> [What the task requires] Return the following entries exactly, word for word.

> [Records for this task]
□ □ □ □
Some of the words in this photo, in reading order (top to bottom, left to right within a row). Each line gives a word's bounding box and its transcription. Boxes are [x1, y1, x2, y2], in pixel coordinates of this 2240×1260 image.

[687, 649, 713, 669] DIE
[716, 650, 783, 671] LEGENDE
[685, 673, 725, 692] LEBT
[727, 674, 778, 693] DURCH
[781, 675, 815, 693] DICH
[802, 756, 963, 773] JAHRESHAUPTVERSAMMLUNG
□ □ □ □
> [Task output]
Some of the words in this photo, in reading order (top to bottom, left to right within a row). Each line gives a word's bounding box and its transcription. Boxes are [x1, y1, x2, y2], in pixel coordinates of this 2240×1260 image.

[687, 649, 713, 669] DIE
[716, 650, 783, 671] LEGENDE
[685, 673, 725, 692] LEBT
[727, 674, 778, 693] DURCH
[781, 675, 815, 693] DICH
[802, 756, 963, 773] JAHRESHAUPTVERSAMMLUNG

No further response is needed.